Amorgador déclina l’invitation.
Le comte distribua.
Un, deux, trois, quatre, cinq.
La foule se resserra autour d’eux.
Une fois servi, Amorgador se défit de deux cartes et en récupéra deux nouvelles. Il s’en saisit avec une lente hâte et les mêla à celles qui lui restaient. Il fut facile au comte de deviner qu’Amorgador n’avait qu’une paire aux dames. Lui, n’avait qu’un as mais il lui restait encore une donne. Il reconnut, sur le tas, l’as de cœur. La carte qu’il désirait. L’as qu’il lui fallait pour battre cet être diabolique.
Le comte ne demanda qu’une carte et se la servit. Il la tira vers lui lentement, sans la regarder, des deux mains, comme on tire un drap sur un corps qui vient de rendre l’âme. Sous ses doigts, chaque fibre du carton fin combinaient leurs reliefs pour lui communiquer, telle une peinture en braille, les battements de cet as de cœur qui allait lui apporter enfin la victoire. Ce contact voluptueux lui arracha un sourire imperceptible de triomphe. Il voulut faire durer le plaisir. Ce fut une erreur… A trop longtemps fixer Amorgador, il finit par détecter en lui une lueur qui le glaça. Il eut soudain le pressentiment d’une catastrophe. Il baissa les paupières. Il contempla la carte qu’il avait tirée. Il n’y avait aucun doute possible : l’invisible stigmate qu’elle portait sur le dos lui criait que c’était l’as de cœur. L’enjeu était si énorme qu’il se sentait défaillir. La sérénité d’Amorgador lu ôtait toute possibilité de se rassurer. Ce diable attendait tranquillement qu’il découvrît son jeu. Il ne pouvait plus reculer. Il posa une dernière fois son regard sur l’infime et fidèle empreinte qui lui promettait l’as de cœur. D’un geste rapide du poignet, il retourna la carte….
C’était le deux de pique !
Il était encore battu.
**
*
-----
-----
Ces événements me furent rapportés par le comte de Bellemont, lui-même, dix ans après leur déroulement. Étant son ami, il m’avait fait appeler à son chevet pour lui administrer les derniers sacrements. Après avoir entendu cette étrange confession, voulant apaiser sa conscience et le laver de ses péchés, je lui demandai s’il désirait se repentir pour avoir ainsi trahi son épouse.

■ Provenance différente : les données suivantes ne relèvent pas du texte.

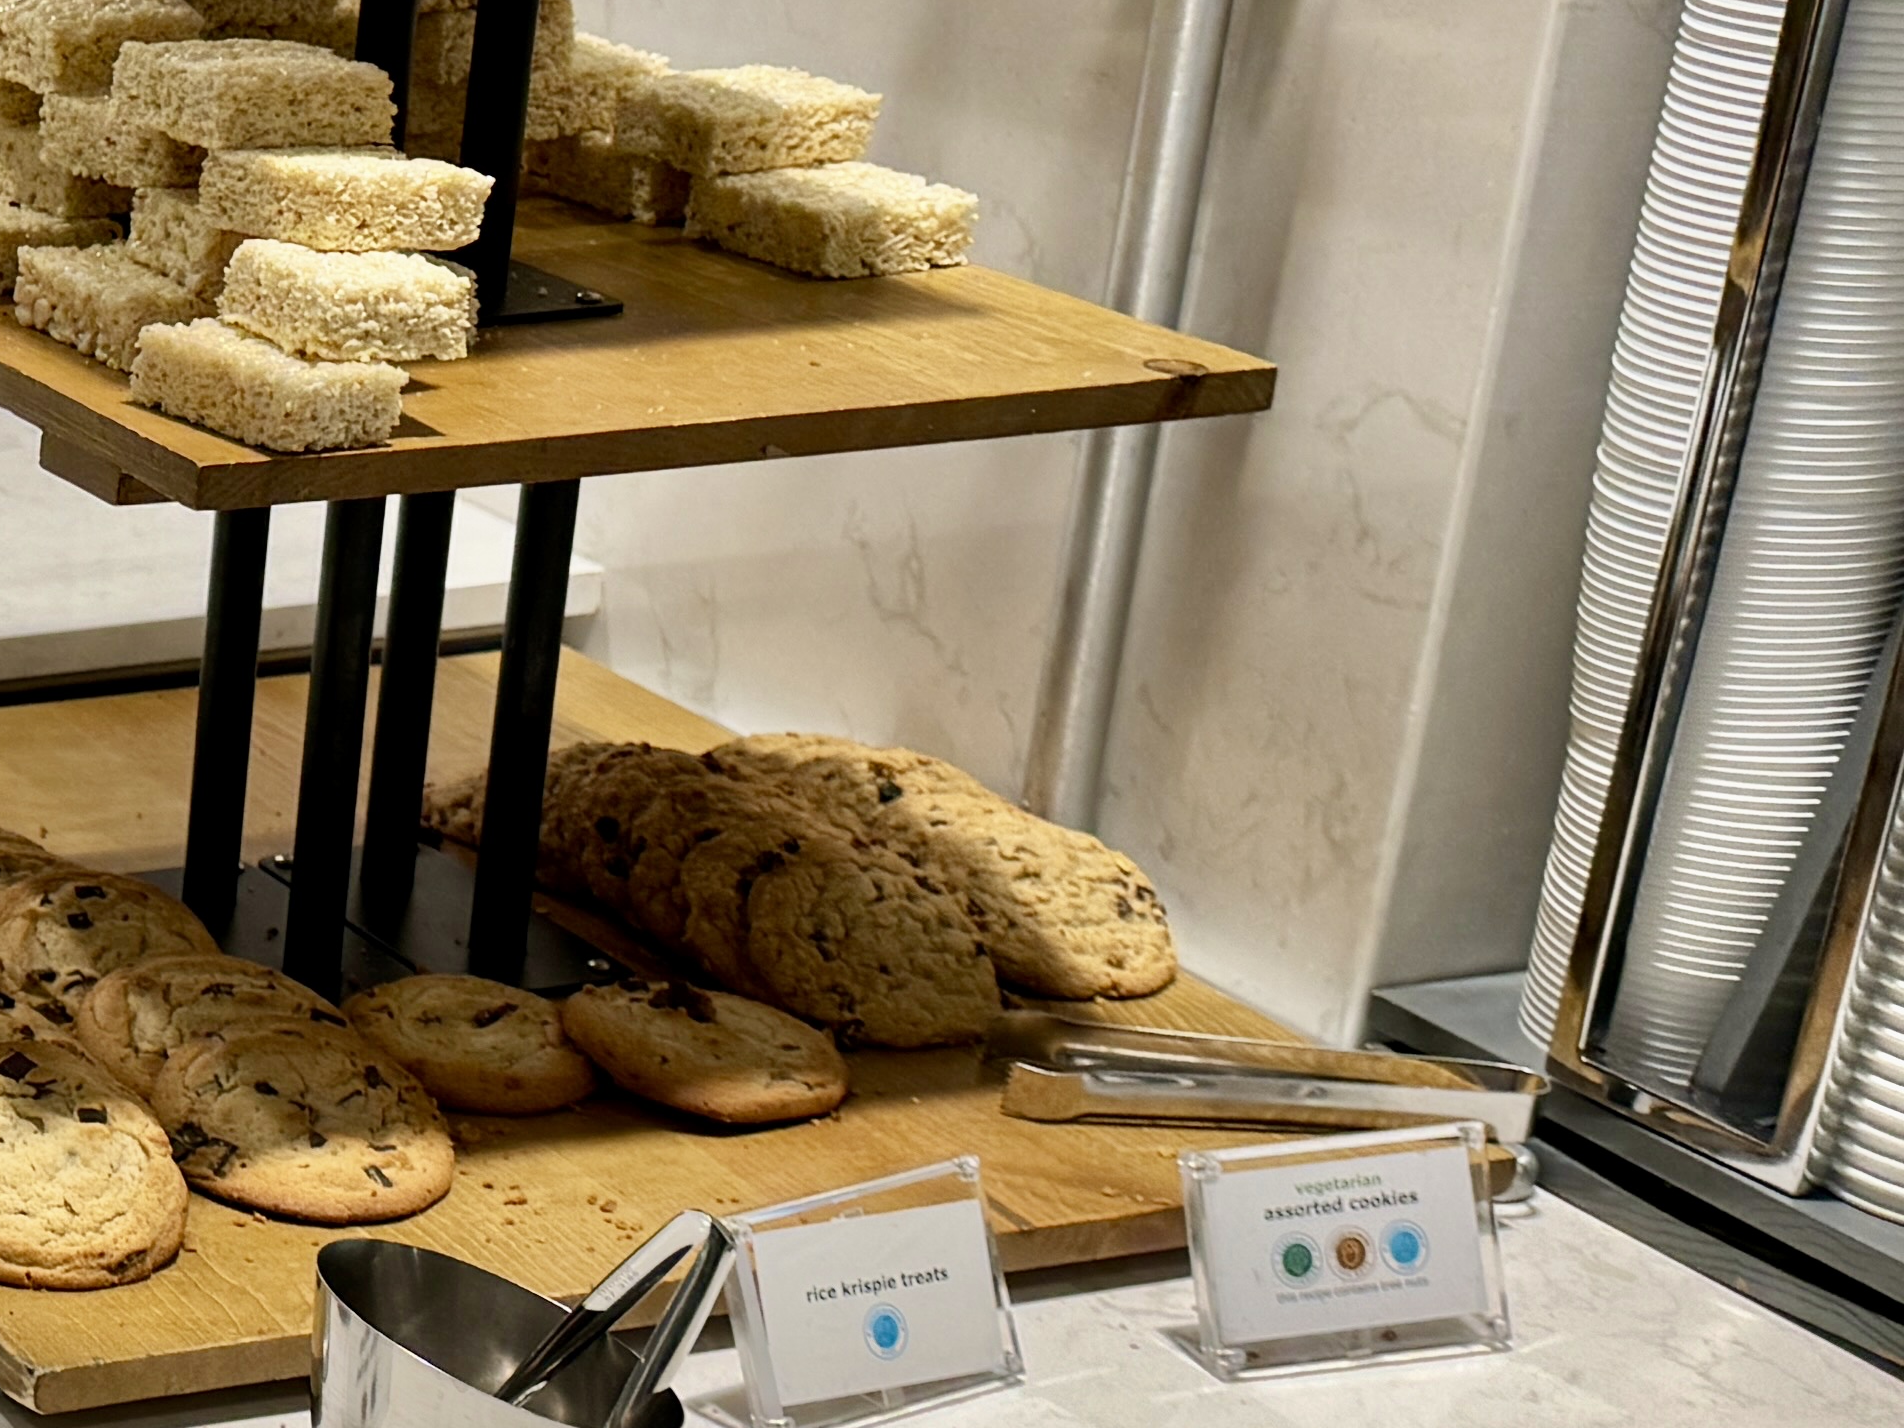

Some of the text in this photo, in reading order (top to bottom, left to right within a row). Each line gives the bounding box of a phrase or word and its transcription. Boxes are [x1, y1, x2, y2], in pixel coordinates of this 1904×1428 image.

[1264, 1191, 1419, 1221] assorted cookies
[806, 1267, 949, 1303] rice krispie treats

Il eut alors une crise de rage qui m’effraya. Son visage était tout rouge tandis qu’une salive mousseuse s’entassait à la commissure de ses lèvres. Sa tête s’immobilisa soudain sur l’oreiller. Ses pupilles se dilatèrent et ne bougèrent plus. Je me penchai sur lui. Le croyant mort, j’allais lui refermer les paupières lorsqu’il se souleva brusquement. Je fis un bond en arrière. Le comte, roulant les yeux comme un fou, me cria :
« Mon Père ! C’est moi qui fut trahi !
- Mais comment ?!
- Clothilde !.. Clothilde !…
- Eh bien quoi, Clothilde ? fis-je, sur un ton désespéré.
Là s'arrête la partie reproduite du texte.